Is This The Real Reason For That Useless Canto Bight Section Of STAR WARS: THE LAST JEDI

I loved The Last Jedi, honestly it’s barely behind Empire Strikes Back for me. But it did have its flaws.

The biggest flaw for me was the middle act of the film, where Finn and Rose have to go to Canto Bight to find the codebreaker.

But when they’re arrested, they find themselves stuck with DJ (Benicio Del Toro), who helps them plot their escape and get on Snoke’s ship and thwart the First Order. But those damn magical Horses?It’s a section that’s had plenty of criticism, especially from me – but a Twitter user has made perfect sense of it.

User @barsoomcore has received thousands of retweets and likes for the insight he puts on it – which is that the whole sequence is vital in the character development for Finn, and helps lead up to one very important line he says later on.

“That whole story kicks off because Finn is determined to protect Rey. He isn’t leaving out of cowardice, he’s leaving because he doesn’t want his friend to show up in the middle of this disaster,” he wrote.

“Remember neither Rey nor Finn are members of the Rebellion in any official way. They’re sympathetic but they aren’t on the team. We’ve seen Finn do this before!

“In THE FORCE AWAKENS he goes to Starkiller Base not to help destroy it but to find Rey and get her away. Finn is NOT a Rebel. He’s a good guy who wants to be free.

“He wants to take care of his friends, but he’s not here to sacrifice himself in the name of any cause. So he’s booking it in order to protect Rey when Rose finds him.”

He added: “They go in search of a codebreaker, but Finn is still in this for himself and Rey. It’s not until he sees the corruption and greed, the venality of the world, that he starts to think about the larger picture.

“A casino is the PERFECT setting for this realization. It’s a complete caricature of everything that’s wrong with the world. And even when they get free (because of the inspirational story that is the core of the Rebel vision)… there’s still the “hey everyone’s in this for themselves” philosophy of their codebreaker to challenge Finn’s burgeoning sense of duty and morality.

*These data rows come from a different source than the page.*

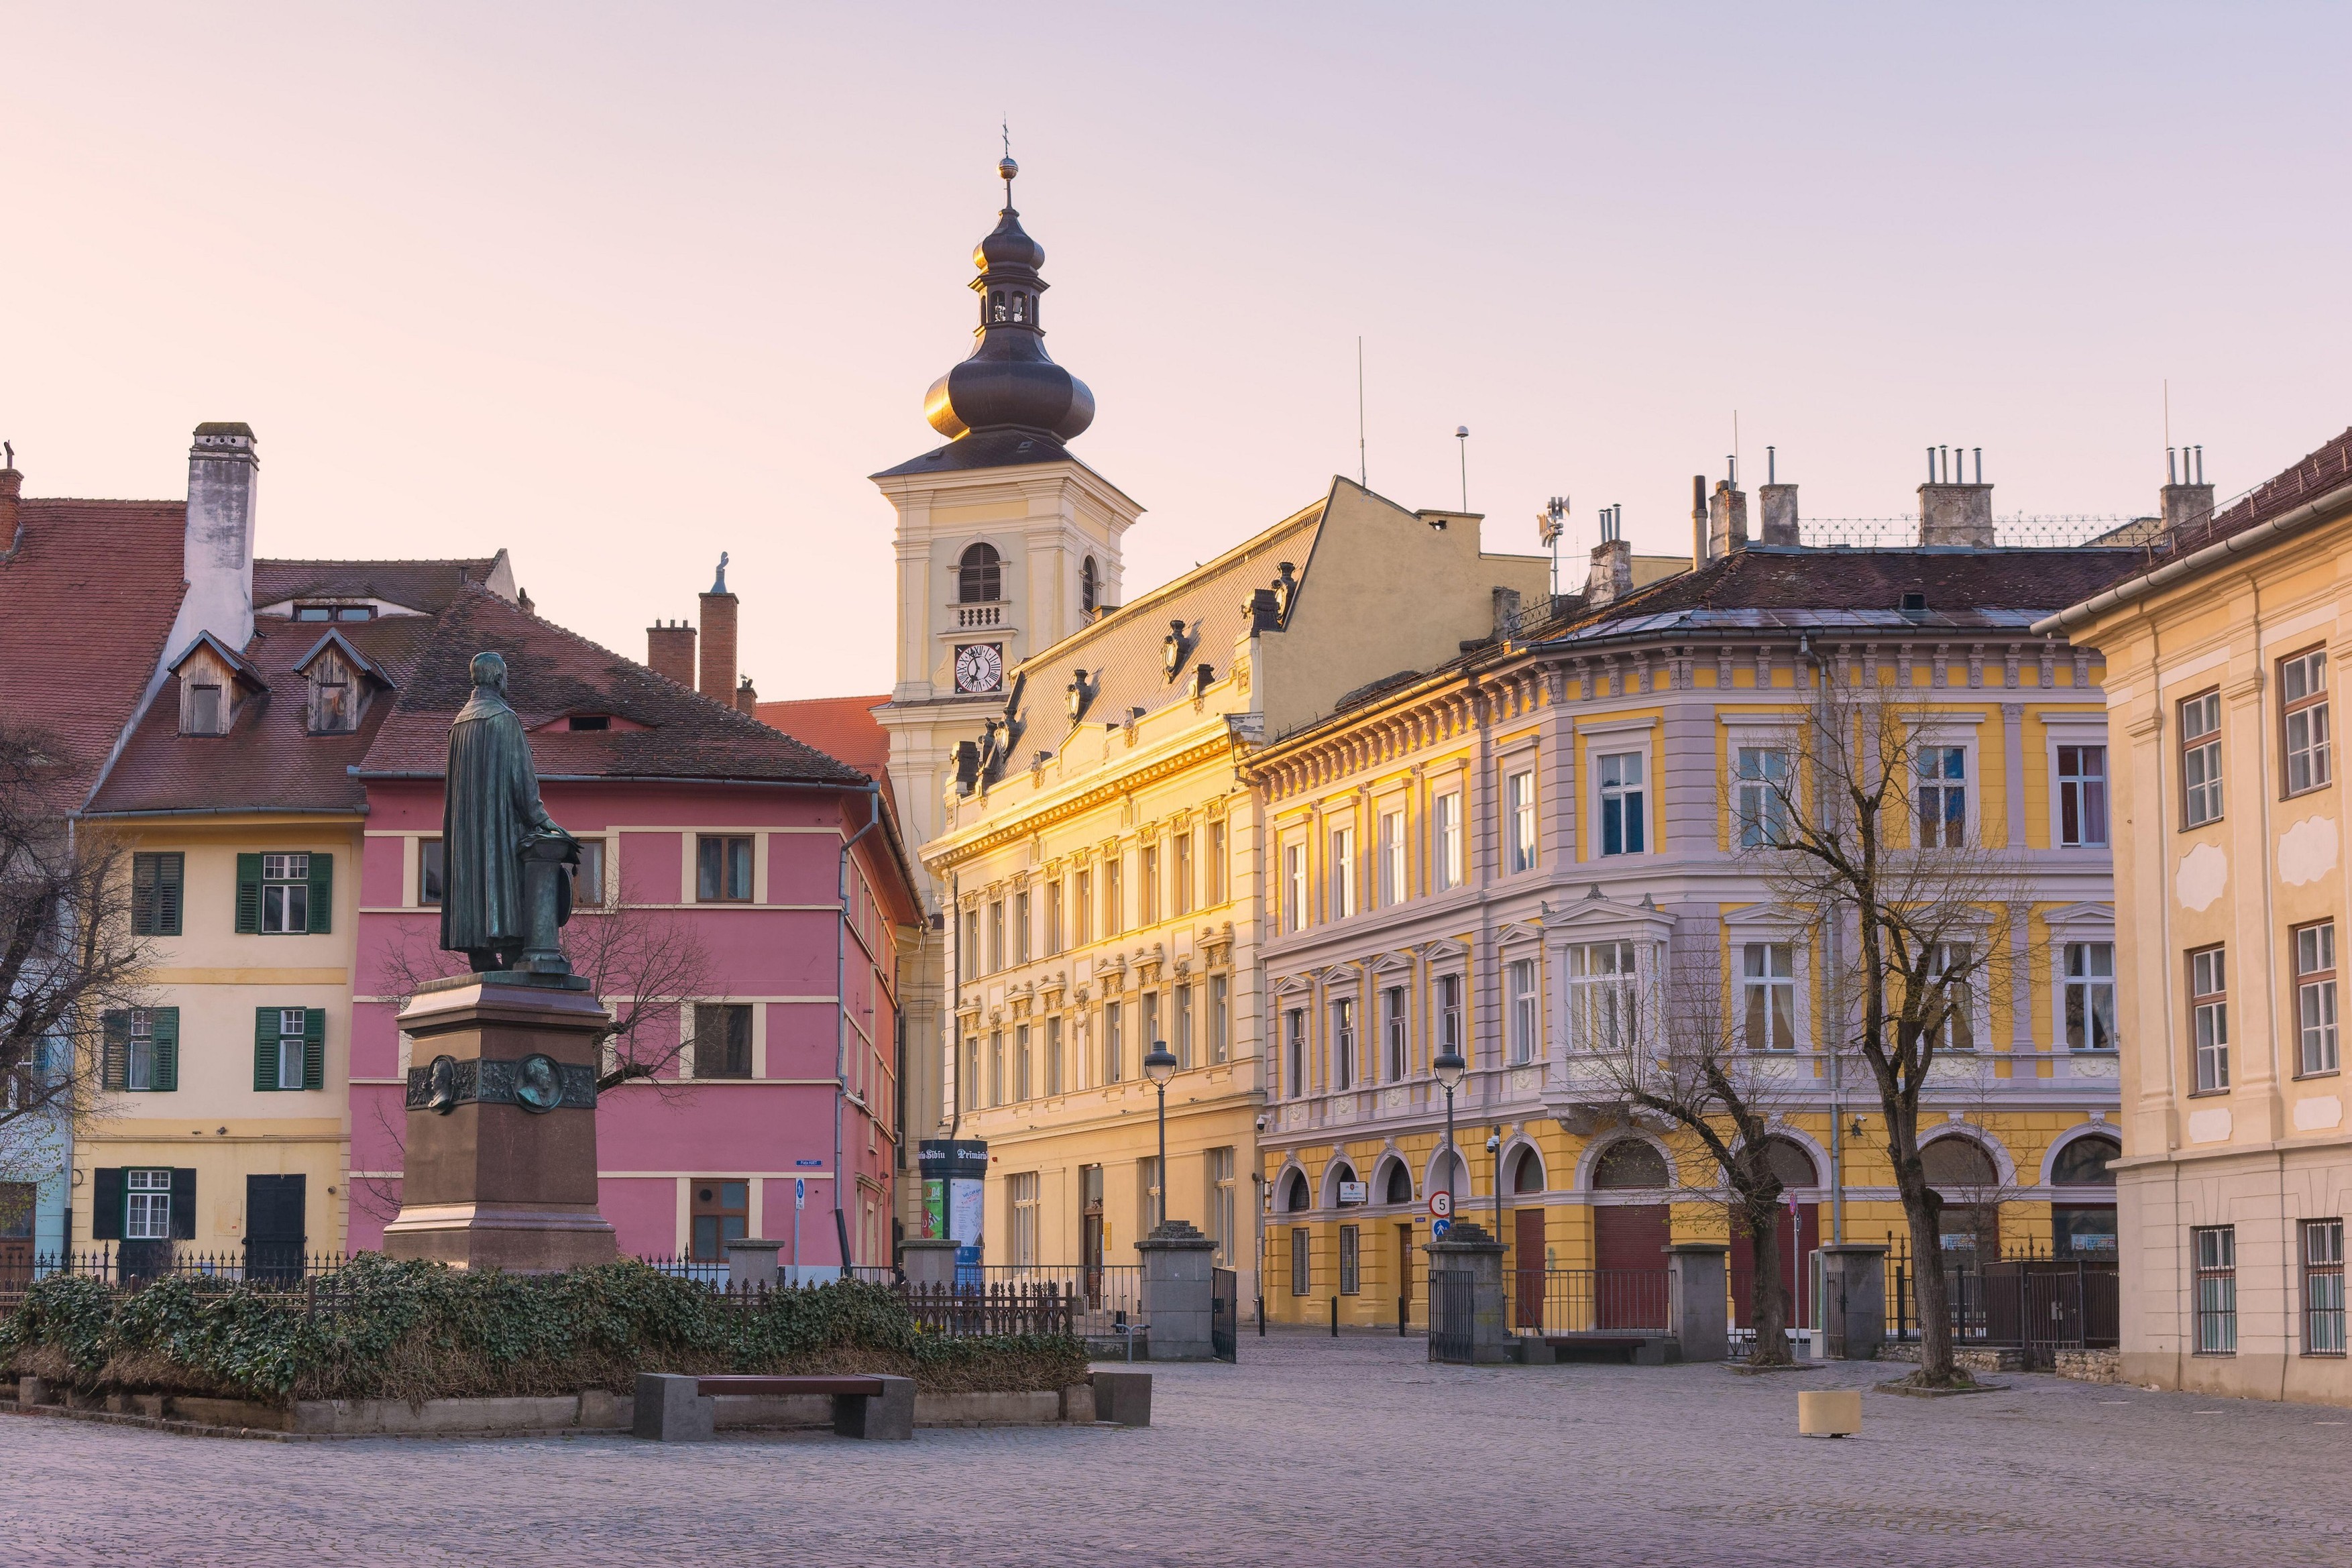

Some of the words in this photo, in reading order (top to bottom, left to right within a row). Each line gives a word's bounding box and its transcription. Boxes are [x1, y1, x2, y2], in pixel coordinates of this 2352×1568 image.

[974, 646, 983, 655] XII
[959, 657, 969, 665] X
[989, 654, 999, 663] II
[957, 666, 966, 674] IX
[976, 681, 983, 691] VI
[985, 679, 992, 689] V
[926, 1150, 945, 1160] Sibiu
[1439, 1198, 1445, 1211] 5

“The whole point of this story is to set up the choice for Finn: the codebreaker’s cynicism or Rose’s idealism? Even as they’re fighting their way free, is he doing this for himself or for the Rebellion?

“And we know the answer in the best exchange in the whole movie. PHASMA: You’re scum. FINN: REBEL scum.

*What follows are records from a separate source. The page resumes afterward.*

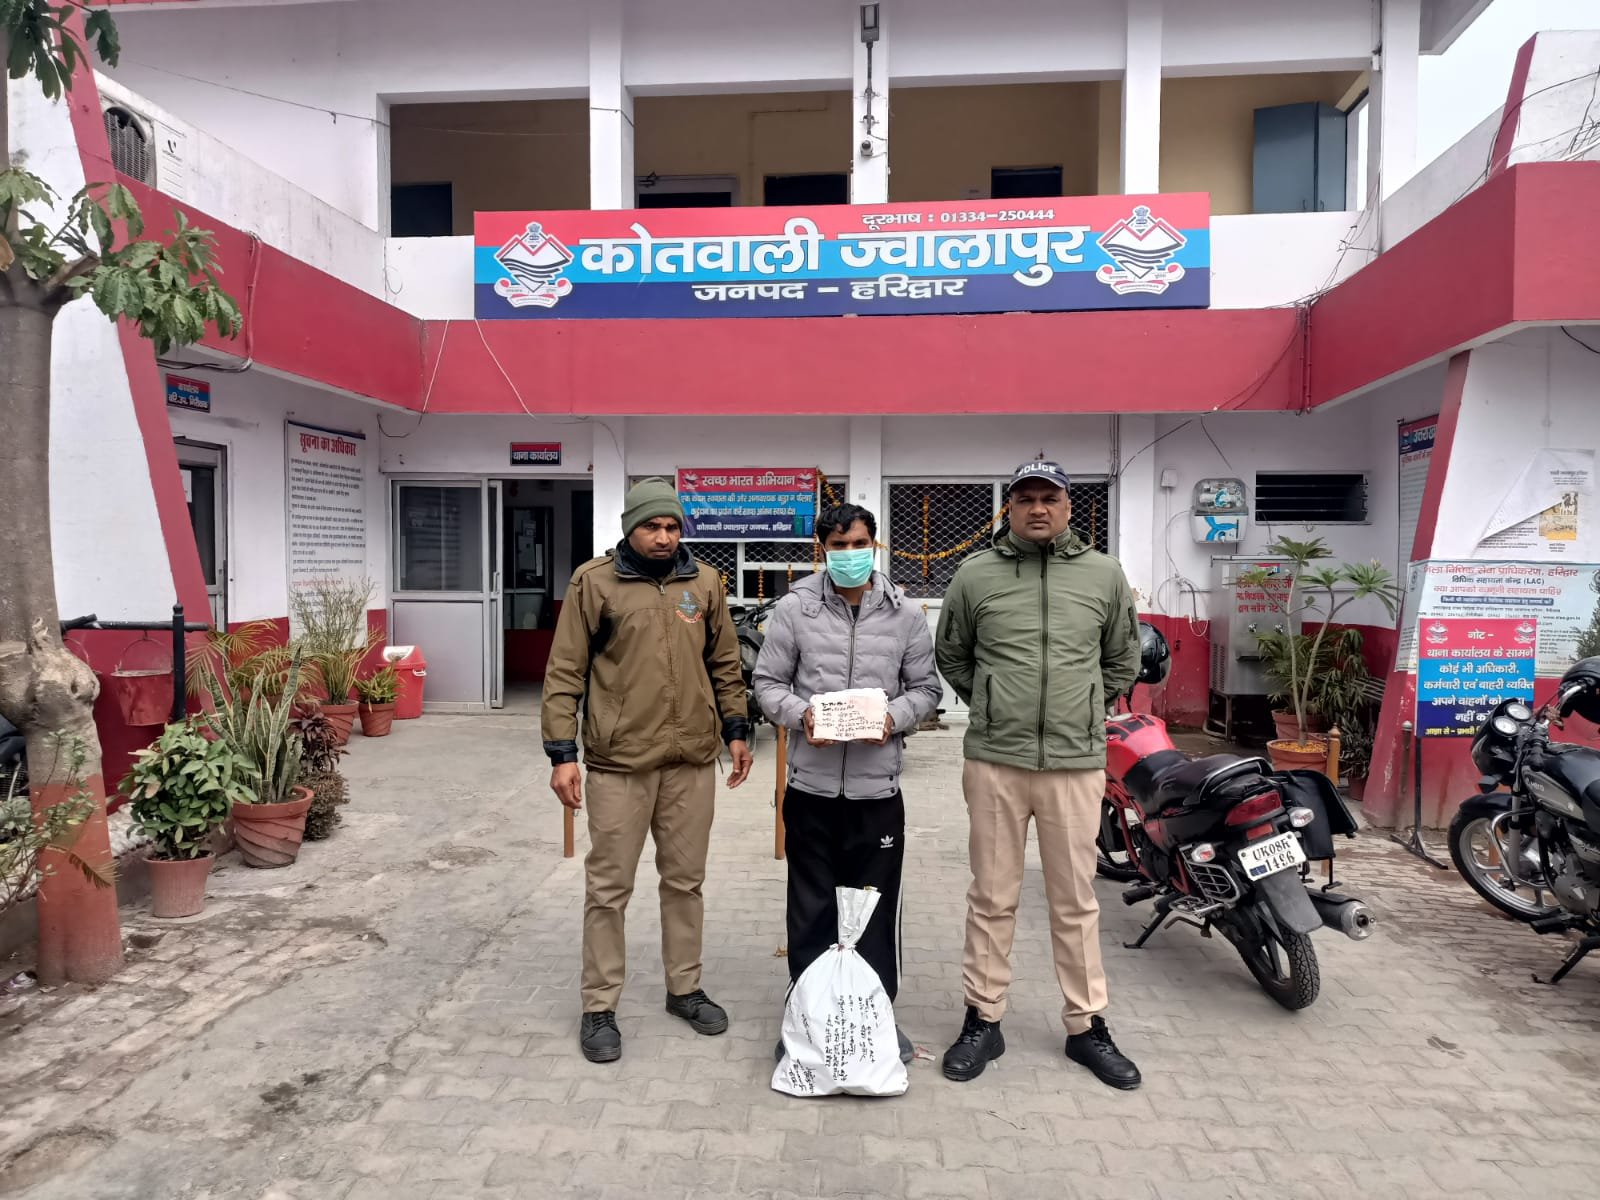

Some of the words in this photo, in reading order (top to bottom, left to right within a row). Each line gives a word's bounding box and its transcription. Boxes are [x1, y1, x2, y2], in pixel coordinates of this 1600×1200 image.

[862, 213, 923, 231] दूरभाष
[940, 209, 1056, 223] 01334-250444
[578, 217, 825, 275] कोतवाली
[837, 225, 1092, 288] ज्वालापुर
[691, 282, 808, 301] जनपद
[850, 273, 968, 300] हरिद्वार
[300, 432, 320, 453] सूचना
[321, 436, 330, 452] का
[331, 436, 357, 457] अधिकार
[529, 447, 558, 461] कार्यालय
[1017, 462, 1057, 477] POLICE
[702, 475, 728, 487] स्वच्छ
[729, 475, 754, 486] भारत
[756, 471, 795, 486] अभियान
[1467, 628, 1486, 640] नोट
[1427, 648, 1449, 658] थाना
[1451, 646, 1491, 658] कार्यालय
[1493, 646, 1503, 658] के
[1505, 646, 1534, 658] सामने
[1439, 662, 1459, 675] कोई
[1462, 662, 1474, 674] भी
[1423, 678, 1460, 690] कर्मचारी
[1463, 678, 1479, 690] एवं
[1506, 678, 1535, 690] व्यक्ति
[1431, 694, 1457, 706] अपने
[1458, 694, 1488, 707] वाहनों
[1488, 694, 1502, 706] को
[1455, 709, 1476, 723] नहीं

“Finn’s made his commitment now. He can’t help Rey, wherever she is, and he in that moment has no way out of a collapsing Star Destroyer, but he confirms to himself his new identity. THAT’S the point of the casino storyline. To take Finn on a journey that commits him to the cause.”

His perspective actually makes sense. Another one of my gripes was that Finn had no character development. This insight actually makes Finn grow.

What do you guys think?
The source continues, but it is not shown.